House Number 44 explores the interaction between these two individuals, these two polarities of psychology, with a language of industrial, gothic synthesizers, organs, early analog electronics and cavernous, vaulted beats to simulate both the malaise and moments of awe these interactions can bring. Synths are burning, blurry, degraded, as if they were coated in lighter fluid, mid-air, and set afire to burn. The beats sound as if they’re emanating from deep within the earth, like they’re coming out of the bilge room from Crimson Peak. The feeling of unease is further amplified by ghostly, treated human vocals, high and ethereal, sometimes whispering, sometimes wailing, sometimes becoming an angelic choir.

All of which are frequently found on the soundtracks for horror films, most notably the shrieking chaos of Penderecki’s “Threnody To The Victims Of Hiroshima,” from “The Shining”, or the whispering, witchy incantations of “Goblin for Suspiria.” The horror cue is apt, as The Composite Moods Vol. 1 is partially intended as film or library music – music to fit the mood. Dalhous wonder if one unanimous mood is ever possible, or if it is always a battle of influences fighting it out in our psyches, in the spaces we occupy, the air we walk through. “An illness that underpins and sabotages every thought,” as Dalhous’ Marc Dall put it.

The Composite Moods Vol. 1 is also, tangentially, a comment on an artists depiction, creating a soundtrack for the exterior, but ultimately unaware of what is going on inside each of the subjects of House Number 44. No matter how frustrating it might be, we’re always left guessing, at the end of the day, what’s going on inside another living (or inanimate) object.

This level of heavy intellectual discourse is not uncommon Dalhous, who have recently completed a triptych to the psychologist R. D. Laing. Dalhous have stated that they may have completed their official analysis of Laing, but his influence still hangs heavily over their work, which remains indebted to the exploration of identity, behavioral modification, and self-help.

If Dalhous’ music is rooted in clinical psychology, it sounds anything but clinical.
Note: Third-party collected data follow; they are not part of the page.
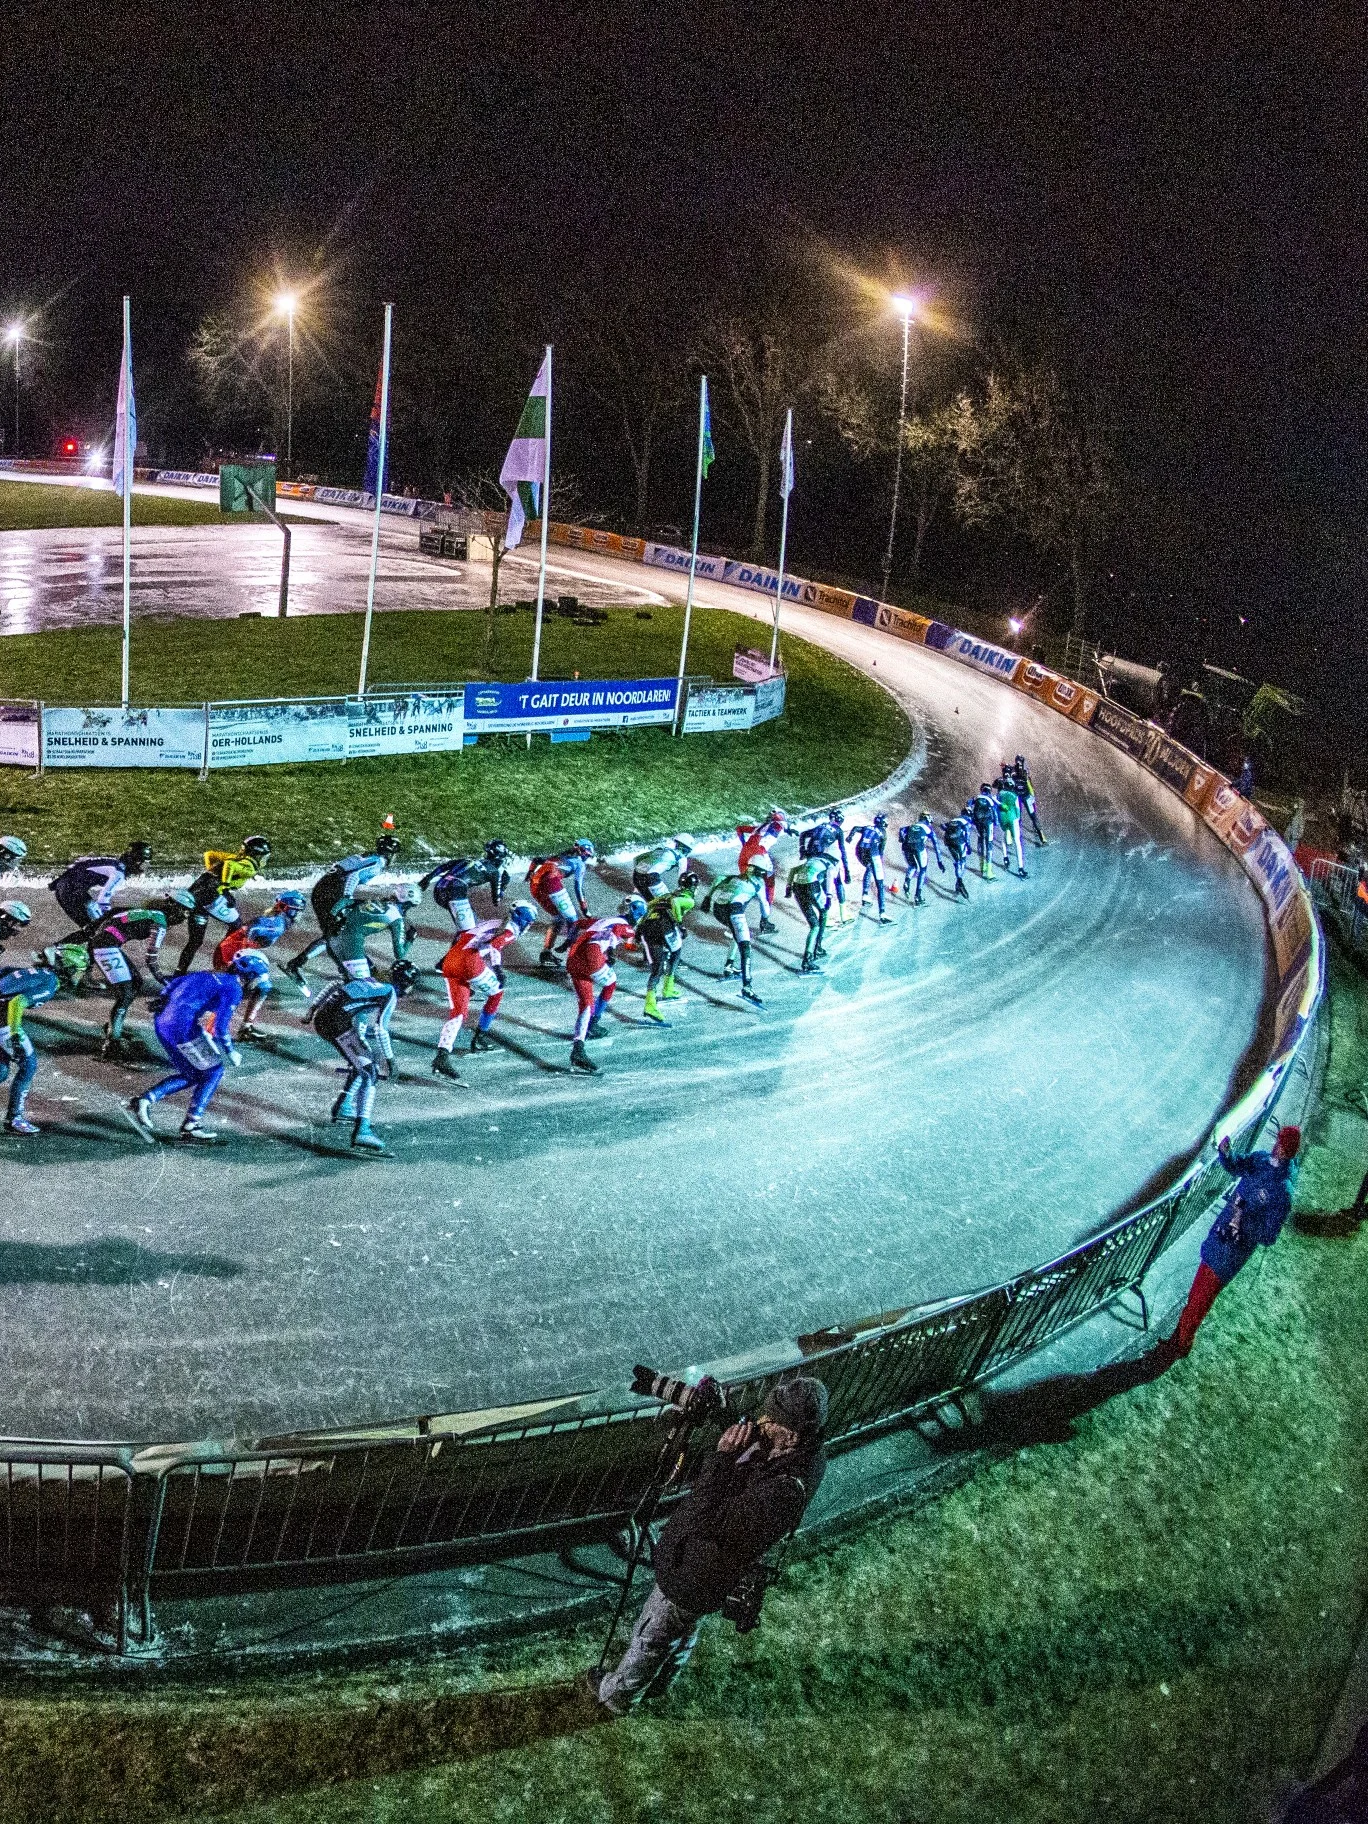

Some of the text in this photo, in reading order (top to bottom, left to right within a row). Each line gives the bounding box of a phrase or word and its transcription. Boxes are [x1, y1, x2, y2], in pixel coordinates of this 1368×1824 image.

[959, 638, 1017, 674] DAIKIN
[519, 689, 672, 709] 'T GAIT DEUR IN NOORDLAREN!
[688, 709, 711, 718] TACTIEK
[717, 707, 748, 717] TEAMWERK
[349, 726, 397, 738] SNELHEID
[399, 726, 405, 734] &
[407, 722, 453, 734] SPANNING
[47, 737, 165, 747] SNELHEID & SPANNING
[212, 735, 283, 748] OER-HOLLANDS
[100, 956, 125, 973] 52
Instead, it comes across as somewhere between a ’70s horror/SF psychodrama soundtrack, the most kickass New Age meditation cassette you’ve ever heard, and deconstructed, haunted Big Room Techno. Dalhous are mining similar sonic coal as labelmates Regis or Raime, and fans of either need to snatch this, post-haste, as well as any fans of nocturnal dance/club music.
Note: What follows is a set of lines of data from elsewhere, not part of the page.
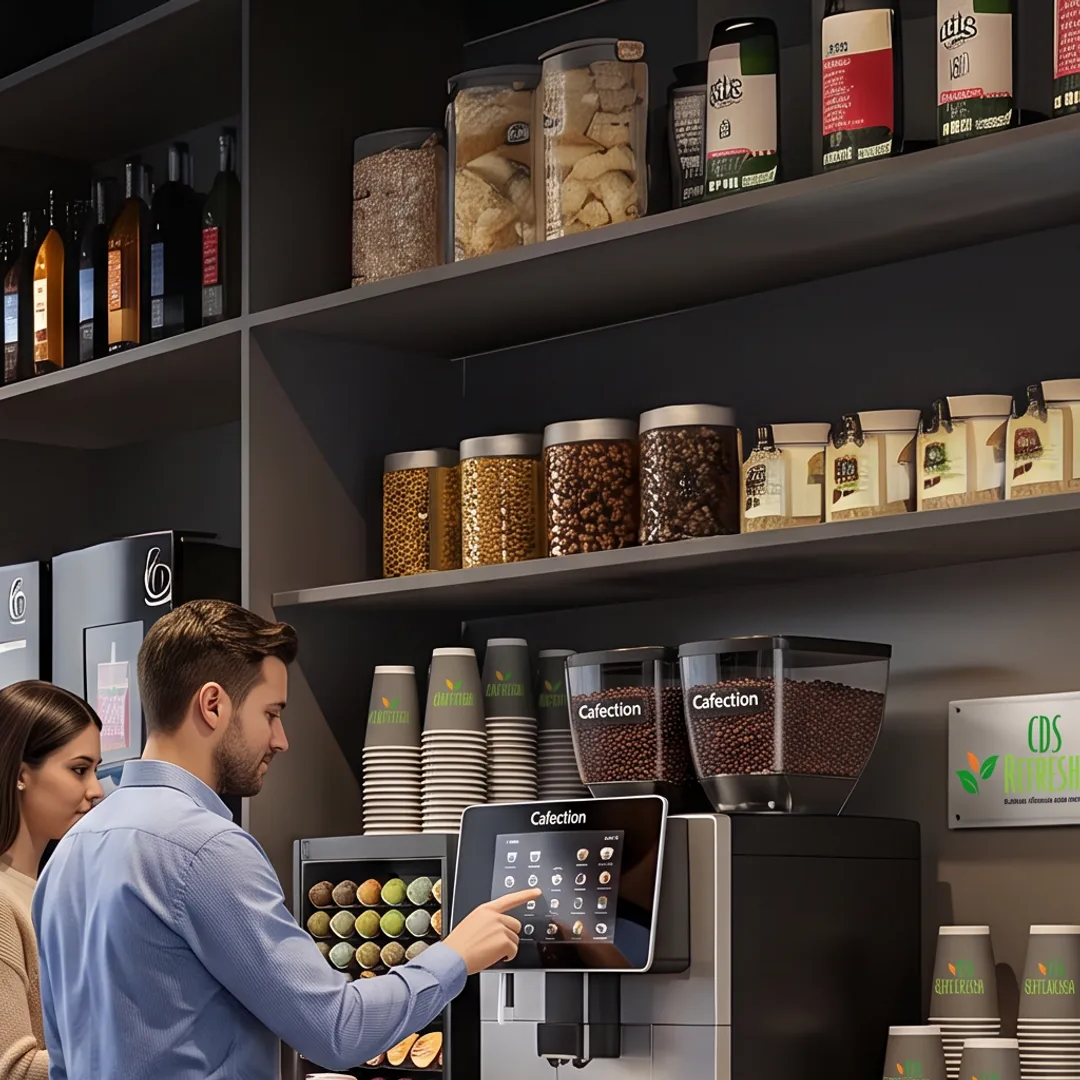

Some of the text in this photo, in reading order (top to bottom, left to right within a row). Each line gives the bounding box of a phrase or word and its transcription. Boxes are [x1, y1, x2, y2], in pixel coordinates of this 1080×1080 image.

[692, 692, 759, 710] Cafection
[578, 702, 642, 720] Cafection
[1027, 714, 1062, 753] CDS
[531, 810, 587, 826] Cafection
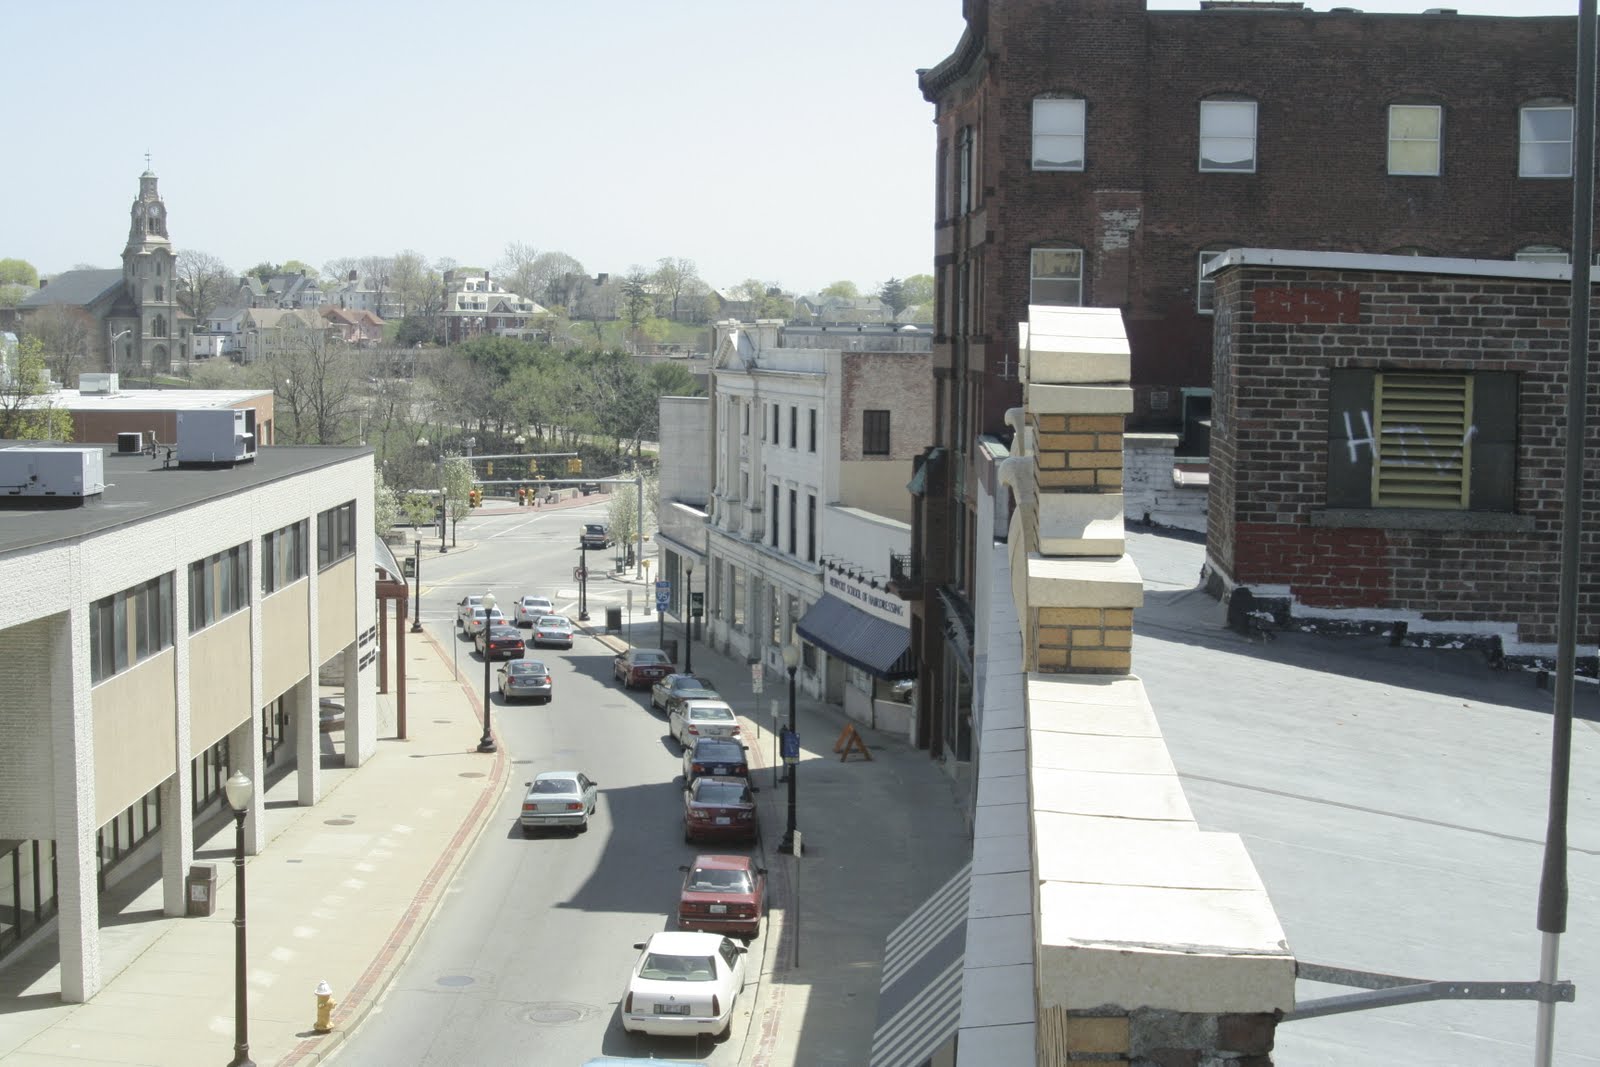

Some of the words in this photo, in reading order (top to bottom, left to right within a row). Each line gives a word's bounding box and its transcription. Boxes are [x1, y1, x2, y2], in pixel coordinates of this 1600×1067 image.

[657, 592, 668, 600] 95
[847, 585, 861, 600] SCHOOL
[862, 592, 867, 602] OF
[868, 595, 904, 616] HAIRDRESSING
Dalhous urge us to investigate how well we really know ourselves. How open we are to suggestion, and is this a good or bad thing. In the case of House Number 44, there is a sickly malevolence at play in the central ventilation. When we breathe in toxicity, we become toxic ourselves, or else have to purge somehow. It raises an interesting question/observation about what we take in and surround ourselves with. It’s easy to be angry and bitter about the world around us – to join the angry frothing mob, and cast judgement without thinking. It’s easy to feel self-righteous and superior. It’s harder to feel uncomfortable, to ask uncomfortable questions and, Goddess forbid, actually change our minds or amend our behavior.

The Composite Moods Vol. 1: House Number 44 is a prime example of how instrumental, experimental electronic music is exceptional at detailing interior states; at depicting unknown worlds, new ideas, and making them familiar.